Hutchinson Stopper Extractors

Although W. H. Hutchinson & Son’s 1889 Bottlers Supplies catalog advertised “The bottles can be easily and quickly washed without removing the Stoppers,” it also mentioned “We have invented a tool for removing the Stoppers from bottles, so that if you put them into your bottles and afterward desire to take them out, you can do so with little trouble…Price $1.50.”  The illustrated extraction tool that the 1889 catalog referred to appears to be an improved version of No. 238,958, a “Tool for Removing Rubber Disks from Internal Bottle Stoppers,” patented March 15, 1881 by Richard Otten of Chicago, with a half interest assigned to Charles G. Hutchinson.

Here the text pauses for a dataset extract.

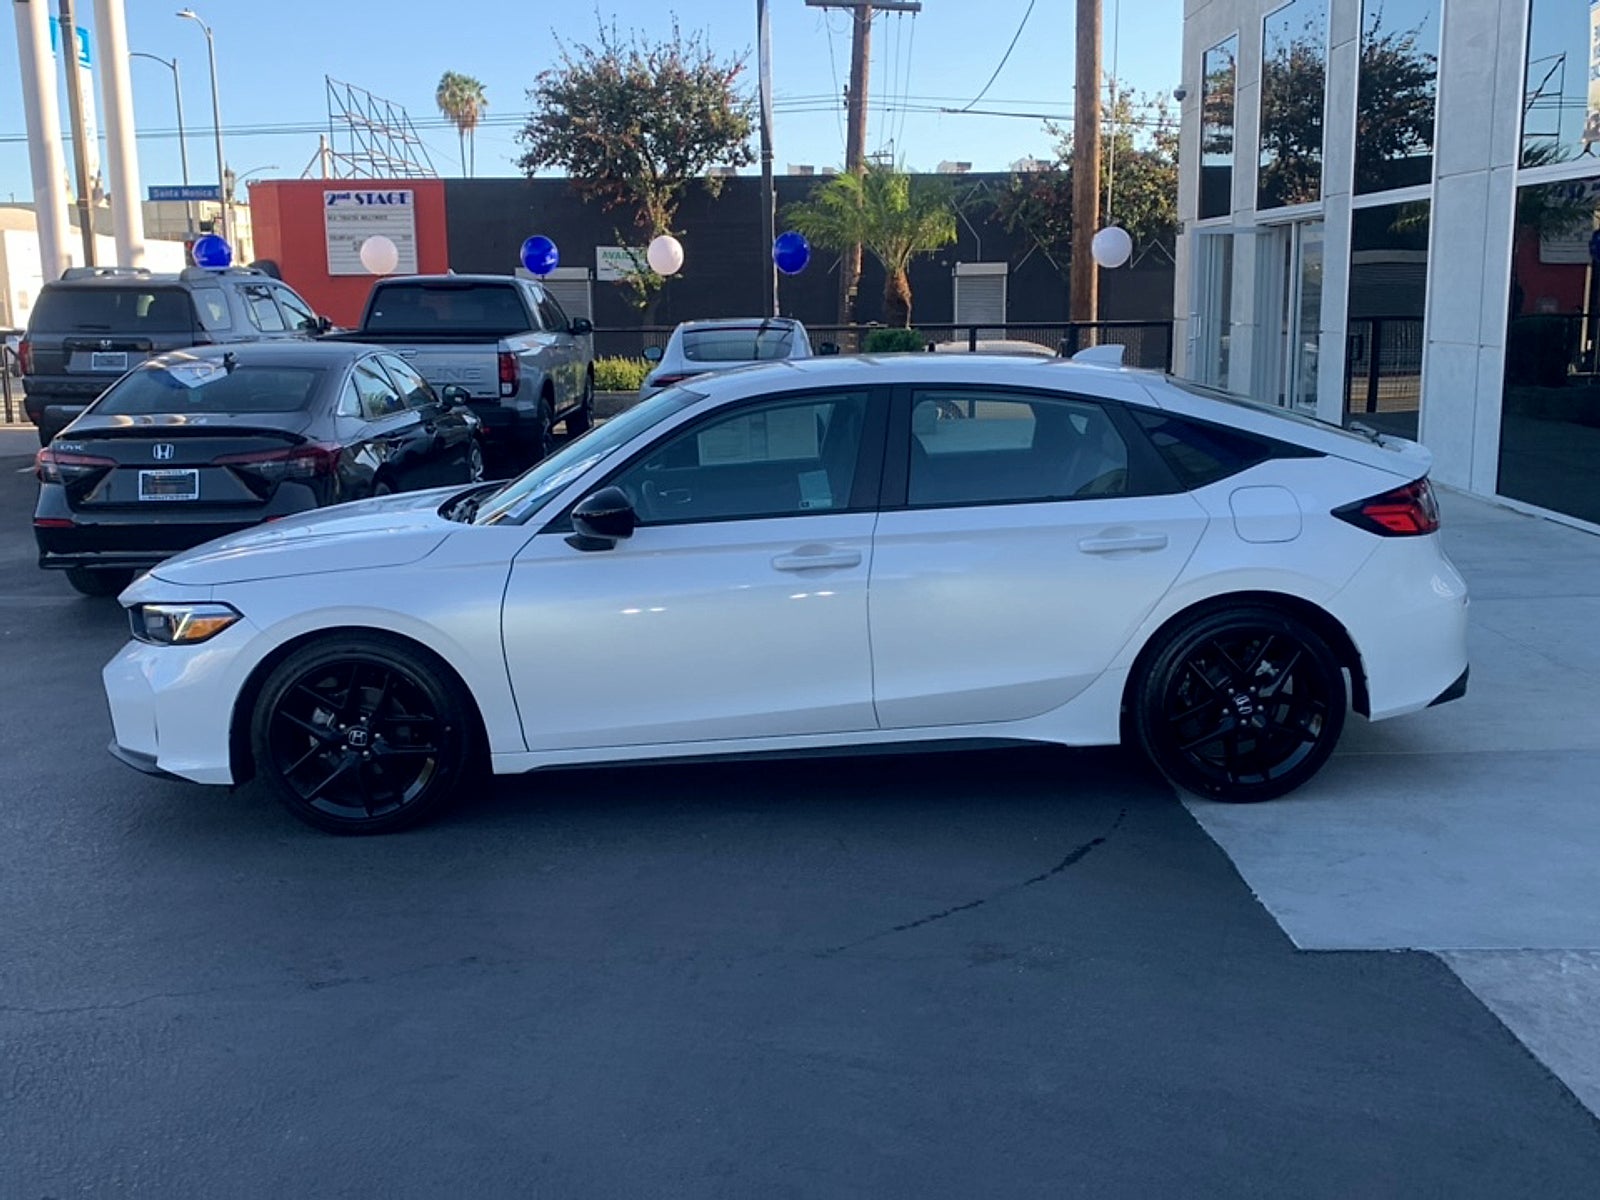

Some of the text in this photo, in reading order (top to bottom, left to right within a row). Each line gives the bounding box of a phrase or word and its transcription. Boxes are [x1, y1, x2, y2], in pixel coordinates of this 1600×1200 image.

[153, 188, 179, 198] Santa
[181, 188, 213, 198] Monica
[327, 191, 408, 206] 2nd STAGE

Here are the application illustrations and a portion of the accompanying specifications from the August 12, 1880 patent:

A large class of bottle-stoppers contain a rubber disk or valve confined between metallic disks on or near the lower end of a stem, the lower of the metallic disks being the larger, so that the stopper may be easily arranged in the neck of the bottle, but prevented from being withdrawn except by being wholly pushed into the bottle and turned over or reversed in position.  These rubber disks or valves frequently become worn or injured, while the remaining part of the stopper continues perfect, and hence it is often desirable to remove the old rubber disk or valve and apply a new one…The object of my invention is to furnish a simple and convenient tool whereby the rubber disk or valve may be removed with facility from the class of stoppers referred to while the stopper is in its proper position in the neck of the bottle…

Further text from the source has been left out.